> [Items listed in a dataset]:
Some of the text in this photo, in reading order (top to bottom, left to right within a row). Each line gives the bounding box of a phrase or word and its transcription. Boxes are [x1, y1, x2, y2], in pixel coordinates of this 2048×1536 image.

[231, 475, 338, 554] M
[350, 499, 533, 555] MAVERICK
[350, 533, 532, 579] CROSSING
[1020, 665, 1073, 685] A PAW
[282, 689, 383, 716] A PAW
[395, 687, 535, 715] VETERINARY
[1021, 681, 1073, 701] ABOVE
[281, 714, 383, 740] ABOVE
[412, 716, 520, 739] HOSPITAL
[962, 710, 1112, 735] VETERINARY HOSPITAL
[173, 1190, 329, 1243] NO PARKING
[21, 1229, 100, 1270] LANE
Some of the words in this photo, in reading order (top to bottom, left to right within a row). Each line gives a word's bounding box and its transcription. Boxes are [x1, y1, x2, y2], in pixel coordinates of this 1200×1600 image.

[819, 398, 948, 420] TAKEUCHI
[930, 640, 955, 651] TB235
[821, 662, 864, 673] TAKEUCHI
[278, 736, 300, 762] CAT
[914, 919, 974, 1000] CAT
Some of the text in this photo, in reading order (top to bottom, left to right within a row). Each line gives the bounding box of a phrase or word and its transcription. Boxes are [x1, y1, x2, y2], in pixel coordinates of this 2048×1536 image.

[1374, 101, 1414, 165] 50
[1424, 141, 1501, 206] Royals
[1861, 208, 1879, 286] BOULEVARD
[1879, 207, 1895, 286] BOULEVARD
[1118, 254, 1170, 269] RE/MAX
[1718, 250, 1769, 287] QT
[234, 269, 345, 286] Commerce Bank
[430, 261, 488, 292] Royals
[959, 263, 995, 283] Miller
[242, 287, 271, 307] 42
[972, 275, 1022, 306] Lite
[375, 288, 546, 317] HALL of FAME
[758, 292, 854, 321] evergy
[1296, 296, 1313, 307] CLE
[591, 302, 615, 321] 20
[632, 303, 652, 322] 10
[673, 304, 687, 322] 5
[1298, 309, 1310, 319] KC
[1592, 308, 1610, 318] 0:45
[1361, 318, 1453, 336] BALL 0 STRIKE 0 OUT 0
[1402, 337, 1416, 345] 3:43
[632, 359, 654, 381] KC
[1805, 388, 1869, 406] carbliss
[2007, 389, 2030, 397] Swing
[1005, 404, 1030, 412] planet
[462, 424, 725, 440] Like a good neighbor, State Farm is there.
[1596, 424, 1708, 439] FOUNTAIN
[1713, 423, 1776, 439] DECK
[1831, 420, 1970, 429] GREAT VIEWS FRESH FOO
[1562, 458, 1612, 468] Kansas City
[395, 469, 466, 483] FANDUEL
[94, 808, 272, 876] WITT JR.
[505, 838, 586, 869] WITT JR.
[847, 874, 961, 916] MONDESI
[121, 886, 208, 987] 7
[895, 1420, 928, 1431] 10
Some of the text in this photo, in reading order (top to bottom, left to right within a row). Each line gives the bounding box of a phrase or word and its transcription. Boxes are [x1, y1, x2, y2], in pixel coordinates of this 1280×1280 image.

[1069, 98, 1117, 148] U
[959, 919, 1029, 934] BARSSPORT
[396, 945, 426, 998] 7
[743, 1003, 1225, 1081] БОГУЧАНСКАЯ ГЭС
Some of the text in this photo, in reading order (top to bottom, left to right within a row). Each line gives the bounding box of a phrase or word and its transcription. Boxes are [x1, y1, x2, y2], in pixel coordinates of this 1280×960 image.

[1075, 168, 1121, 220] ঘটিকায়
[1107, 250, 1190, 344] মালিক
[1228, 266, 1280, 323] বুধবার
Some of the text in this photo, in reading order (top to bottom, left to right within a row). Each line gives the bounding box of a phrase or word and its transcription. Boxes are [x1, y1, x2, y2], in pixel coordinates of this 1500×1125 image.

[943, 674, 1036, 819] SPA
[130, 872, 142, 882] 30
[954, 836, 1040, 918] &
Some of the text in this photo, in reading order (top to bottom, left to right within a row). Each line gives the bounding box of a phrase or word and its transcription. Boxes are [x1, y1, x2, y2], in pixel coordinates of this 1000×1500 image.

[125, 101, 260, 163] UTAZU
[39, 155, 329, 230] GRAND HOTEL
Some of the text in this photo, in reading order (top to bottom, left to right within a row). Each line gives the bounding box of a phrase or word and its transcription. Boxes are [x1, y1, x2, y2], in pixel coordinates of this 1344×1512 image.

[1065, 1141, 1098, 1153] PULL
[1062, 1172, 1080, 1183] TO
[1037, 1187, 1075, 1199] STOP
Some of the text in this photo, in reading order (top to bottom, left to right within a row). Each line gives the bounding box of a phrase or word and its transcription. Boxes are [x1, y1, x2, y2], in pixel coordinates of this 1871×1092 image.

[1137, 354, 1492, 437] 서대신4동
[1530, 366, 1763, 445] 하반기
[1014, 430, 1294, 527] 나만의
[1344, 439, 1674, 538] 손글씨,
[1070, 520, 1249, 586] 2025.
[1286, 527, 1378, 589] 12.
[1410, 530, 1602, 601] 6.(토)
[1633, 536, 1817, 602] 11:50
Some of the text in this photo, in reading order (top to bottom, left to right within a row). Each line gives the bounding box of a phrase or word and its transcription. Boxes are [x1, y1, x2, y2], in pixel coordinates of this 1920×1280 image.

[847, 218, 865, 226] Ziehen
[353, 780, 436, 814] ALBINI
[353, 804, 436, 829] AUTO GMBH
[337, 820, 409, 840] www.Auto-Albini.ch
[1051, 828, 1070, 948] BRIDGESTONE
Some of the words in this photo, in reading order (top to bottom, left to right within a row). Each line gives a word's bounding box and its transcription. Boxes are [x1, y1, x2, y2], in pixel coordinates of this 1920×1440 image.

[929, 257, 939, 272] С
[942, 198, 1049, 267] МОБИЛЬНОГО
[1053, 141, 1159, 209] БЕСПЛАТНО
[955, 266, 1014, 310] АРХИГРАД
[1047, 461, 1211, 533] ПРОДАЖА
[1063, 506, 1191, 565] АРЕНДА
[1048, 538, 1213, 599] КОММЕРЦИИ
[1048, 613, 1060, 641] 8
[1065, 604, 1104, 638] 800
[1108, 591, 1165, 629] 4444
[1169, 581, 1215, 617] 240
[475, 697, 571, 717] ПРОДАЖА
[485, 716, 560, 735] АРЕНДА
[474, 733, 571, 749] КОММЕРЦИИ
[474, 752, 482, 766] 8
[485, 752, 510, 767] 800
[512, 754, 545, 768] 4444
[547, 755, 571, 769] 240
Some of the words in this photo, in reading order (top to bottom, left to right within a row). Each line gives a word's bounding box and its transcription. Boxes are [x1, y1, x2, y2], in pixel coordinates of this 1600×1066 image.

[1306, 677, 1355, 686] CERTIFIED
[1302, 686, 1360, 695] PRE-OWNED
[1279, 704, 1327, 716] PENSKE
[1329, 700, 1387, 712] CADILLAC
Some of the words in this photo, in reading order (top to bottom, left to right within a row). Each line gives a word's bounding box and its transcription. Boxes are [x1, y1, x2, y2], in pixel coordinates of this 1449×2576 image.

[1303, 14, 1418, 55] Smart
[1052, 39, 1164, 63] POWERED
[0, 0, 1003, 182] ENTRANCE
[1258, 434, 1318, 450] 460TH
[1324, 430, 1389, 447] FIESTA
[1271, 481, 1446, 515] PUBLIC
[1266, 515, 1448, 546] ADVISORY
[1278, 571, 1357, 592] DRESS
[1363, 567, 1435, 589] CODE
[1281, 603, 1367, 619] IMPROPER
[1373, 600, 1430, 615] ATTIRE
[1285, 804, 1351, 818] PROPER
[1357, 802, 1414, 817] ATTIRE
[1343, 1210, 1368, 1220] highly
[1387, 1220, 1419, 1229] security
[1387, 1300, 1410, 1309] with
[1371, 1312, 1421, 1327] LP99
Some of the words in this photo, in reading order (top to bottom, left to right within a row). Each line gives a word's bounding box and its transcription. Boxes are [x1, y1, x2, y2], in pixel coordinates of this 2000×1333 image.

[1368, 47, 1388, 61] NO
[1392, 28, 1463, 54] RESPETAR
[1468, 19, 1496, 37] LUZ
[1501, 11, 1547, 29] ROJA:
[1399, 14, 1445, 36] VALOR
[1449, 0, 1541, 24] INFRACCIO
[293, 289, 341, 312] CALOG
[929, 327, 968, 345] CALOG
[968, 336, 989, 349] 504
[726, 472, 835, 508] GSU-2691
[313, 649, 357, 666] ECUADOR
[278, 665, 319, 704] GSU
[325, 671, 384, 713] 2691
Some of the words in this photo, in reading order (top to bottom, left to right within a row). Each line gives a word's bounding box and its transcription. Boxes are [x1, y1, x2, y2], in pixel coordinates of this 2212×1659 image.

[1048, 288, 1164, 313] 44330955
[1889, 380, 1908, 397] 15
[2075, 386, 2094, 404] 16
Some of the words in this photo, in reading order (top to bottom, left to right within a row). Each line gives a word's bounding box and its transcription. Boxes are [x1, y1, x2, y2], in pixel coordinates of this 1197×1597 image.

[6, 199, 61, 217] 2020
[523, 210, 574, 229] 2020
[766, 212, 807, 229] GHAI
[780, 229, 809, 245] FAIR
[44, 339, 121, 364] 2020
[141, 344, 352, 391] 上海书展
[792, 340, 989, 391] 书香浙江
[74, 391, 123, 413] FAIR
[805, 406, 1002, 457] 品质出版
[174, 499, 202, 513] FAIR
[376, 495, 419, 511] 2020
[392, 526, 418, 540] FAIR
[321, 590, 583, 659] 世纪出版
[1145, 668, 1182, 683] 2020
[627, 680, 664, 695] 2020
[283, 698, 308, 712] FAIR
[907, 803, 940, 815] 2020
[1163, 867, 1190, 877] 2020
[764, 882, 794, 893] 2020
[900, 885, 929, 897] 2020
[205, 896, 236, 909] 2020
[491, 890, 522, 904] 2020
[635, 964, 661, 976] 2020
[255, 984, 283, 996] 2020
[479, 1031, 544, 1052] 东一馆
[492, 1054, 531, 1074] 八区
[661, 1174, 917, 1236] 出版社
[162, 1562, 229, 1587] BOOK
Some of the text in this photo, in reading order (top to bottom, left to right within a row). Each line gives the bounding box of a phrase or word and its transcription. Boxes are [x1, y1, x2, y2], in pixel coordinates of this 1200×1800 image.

> [EXERCISE BRIEF]: Output nothing but the lines from the one with "this 2000×1333 image." through the last line above, each exactly as it stands.

> [TASK RESULT]:
Some of the words in this photo, in reading order (top to bottom, left to right within a row). Each line gives a word's bounding box and its transcription. Boxes are [x1, y1, x2, y2], in pixel coordinates of this 2000×1333 image.

[1368, 47, 1388, 61] NO
[1392, 28, 1463, 54] RESPETAR
[1468, 19, 1496, 37] LUZ
[1501, 11, 1547, 29] ROJA:
[1399, 14, 1445, 36] VALOR
[1449, 0, 1541, 24] INFRACCIO
[293, 289, 341, 312] CALOG
[929, 327, 968, 345] CALOG
[968, 336, 989, 349] 504
[726, 472, 835, 508] GSU-2691
[313, 649, 357, 666] ECUADOR
[278, 665, 319, 704] GSU
[325, 671, 384, 713] 2691
Some of the words in this photo, in reading order (top to bottom, left to right within a row). Each line gives a word's bounding box and its transcription. Boxes are [x1, y1, x2, y2], in pixel coordinates of this 2212×1659 image.

[1048, 288, 1164, 313] 44330955
[1889, 380, 1908, 397] 15
[2075, 386, 2094, 404] 16
Some of the words in this photo, in reading order (top to bottom, left to right within a row). Each line gives a word's bounding box and its transcription. Boxes are [x1, y1, x2, y2], in pixel coordinates of this 1197×1597 image.

[6, 199, 61, 217] 2020
[523, 210, 574, 229] 2020
[766, 212, 807, 229] GHAI
[780, 229, 809, 245] FAIR
[44, 339, 121, 364] 2020
[141, 344, 352, 391] 上海书展
[792, 340, 989, 391] 书香浙江
[74, 391, 123, 413] FAIR
[805, 406, 1002, 457] 品质出版
[174, 499, 202, 513] FAIR
[376, 495, 419, 511] 2020
[392, 526, 418, 540] FAIR
[321, 590, 583, 659] 世纪出版
[1145, 668, 1182, 683] 2020
[627, 680, 664, 695] 2020
[283, 698, 308, 712] FAIR
[907, 803, 940, 815] 2020
[1163, 867, 1190, 877] 2020
[764, 882, 794, 893] 2020
[900, 885, 929, 897] 2020
[205, 896, 236, 909] 2020
[491, 890, 522, 904] 2020
[635, 964, 661, 976] 2020
[255, 984, 283, 996] 2020
[479, 1031, 544, 1052] 东一馆
[492, 1054, 531, 1074] 八区
[661, 1174, 917, 1236] 出版社
[162, 1562, 229, 1587] BOOK
Some of the text in this photo, in reading order (top to bottom, left to right within a row). Each line gives the bounding box of a phrase or word and its transcription. Boxes are [x1, y1, x2, y2], in pixel coordinates of this 1200×1800 image.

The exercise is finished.